Heute gab es in der europäischen Politik ein wenig Aufsehen, weil die Ratingagentur Moody’s die Bewertung der Staatsanleihen Portugals um vier Stufen auf Ramschstatus gesenkt hatte. Vor allem Kommissionspräsident Barroso und der deutsche Fianzminister Schäuble waren darüber sehr erzürnt. Als eine erste Reaktion überlegten manche, das Rating für überschuldete Staaten überhaupt abzuschaffen. Wie immer man es auch dreht und wendet, bleibt die fianzielle Lage für Griechenland, Portugal und Irland, aber auch für Spanien und Italien verfahren.

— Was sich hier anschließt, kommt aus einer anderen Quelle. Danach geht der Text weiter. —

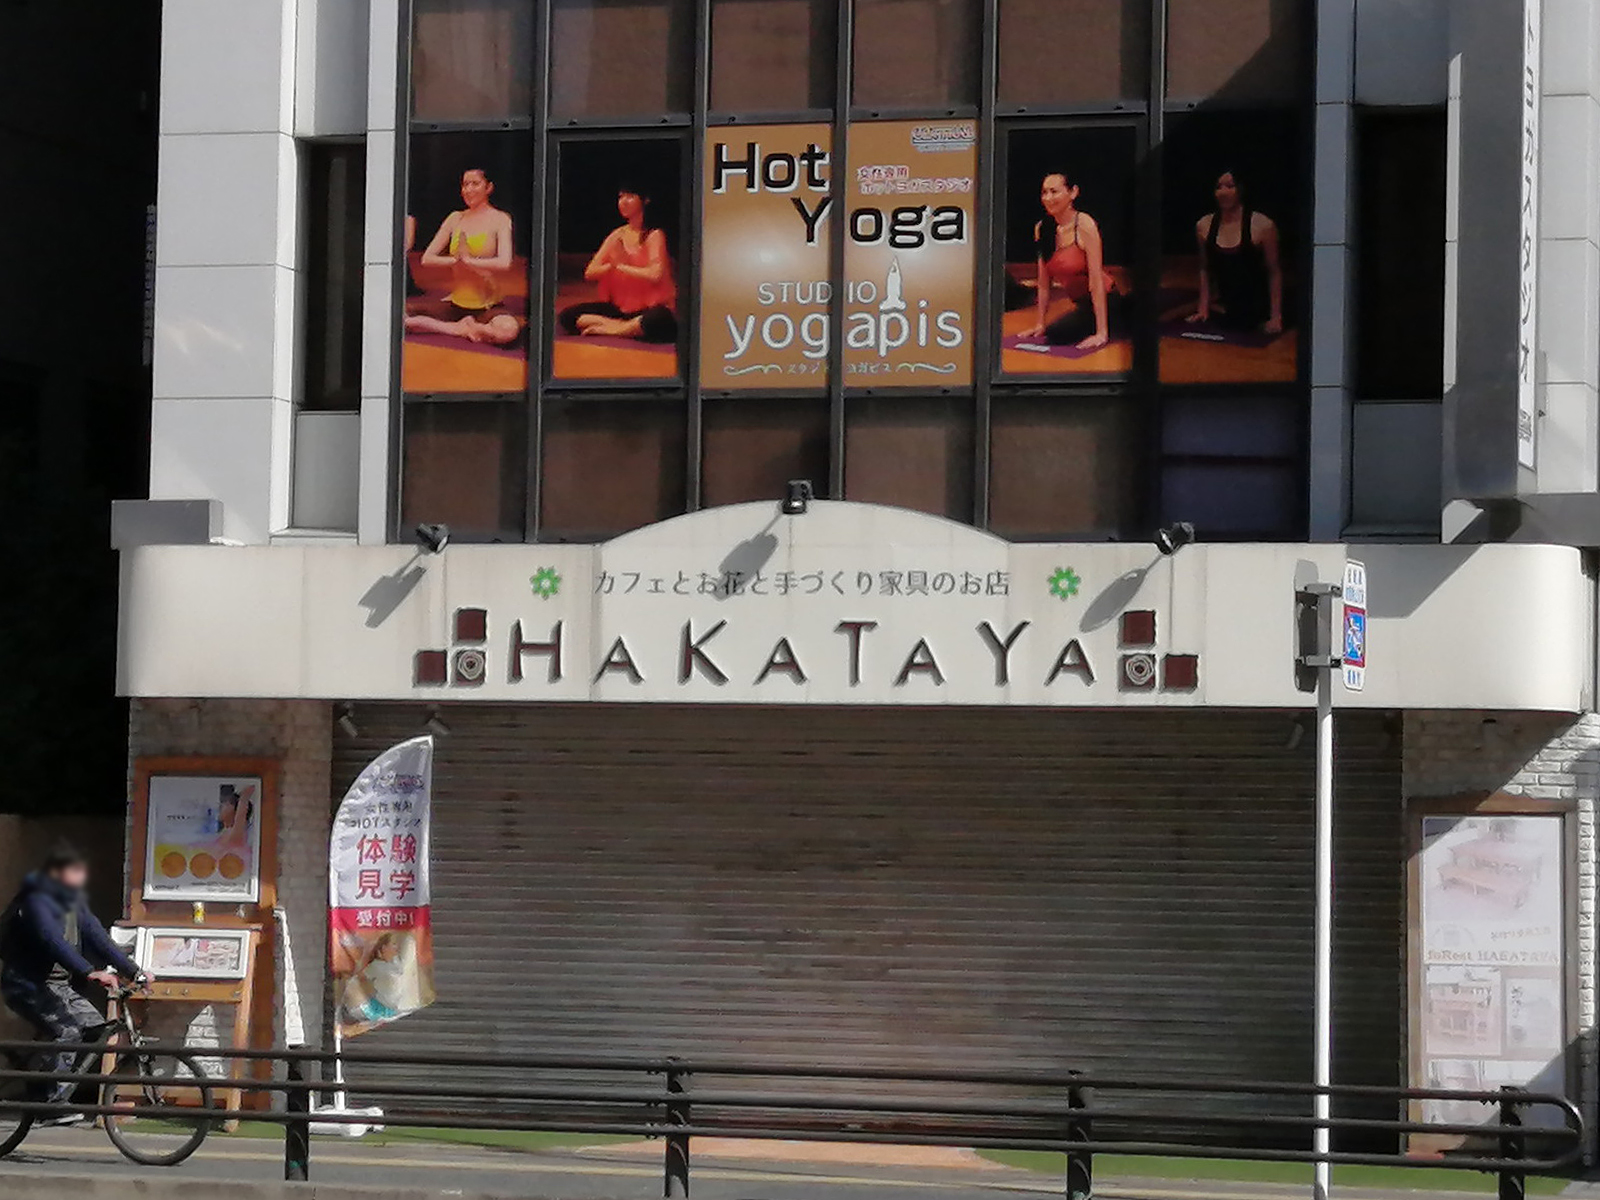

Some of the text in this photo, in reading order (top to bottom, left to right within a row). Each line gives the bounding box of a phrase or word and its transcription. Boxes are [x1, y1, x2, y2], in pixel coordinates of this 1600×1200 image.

[713, 143, 831, 193] Hot
[790, 196, 967, 249] Yoga
[758, 281, 877, 305] STUDIO
[723, 300, 963, 358] yogapis
[594, 570, 1010, 597] カフェとお花と手づくり家具のお店
[507, 617, 1098, 687] HAKATAYA
[356, 833, 417, 865] 体験
[355, 868, 416, 900] 見学

Zu meinem gestrigen Eintrag möchte ich anmerken, dass ich Carl Callemans Einschätzung, dass die laufenden Entwicklungen in Europa und Arabien noch Auswirkungen der Achten Welle wären, nur bedingt teile. Ich stimme mit ihm überein, dass der Weg zum erleuchteten Allbewusstsein wahrscheinlich vom pazifischen Raum ausgehen wird und unser Teil der Welt nachziehen wird. Ich bin aber überzeugt, dass die Entwicklungen der letzten vier Monate in Europa durch die Neunte Welle bedingt waren. Die Krise des Finanzsystems, die beginnende #spanishrevolution und der Atomausstieg der zentraleuropäischen Länder sind Ausdruck dieser Neunten Welle. Der Weg hin zum Garten Eden geht eben nur über eine ordentliche Portion Chaos des herkömmlichen Systems. So wie die letzten vier Monate ausgesehen haben, so hat eben auch die Neunte Welle des Mayakalenders ausgesehen, auch wenn ich mir eine schnellere Entwicklung gewünscht hätte. Mir bleibt nur zu hoffen, dass die zweite Hälfte der Neunten Welle eine Beschleunigung der Entwicklung mit sich bringen wird.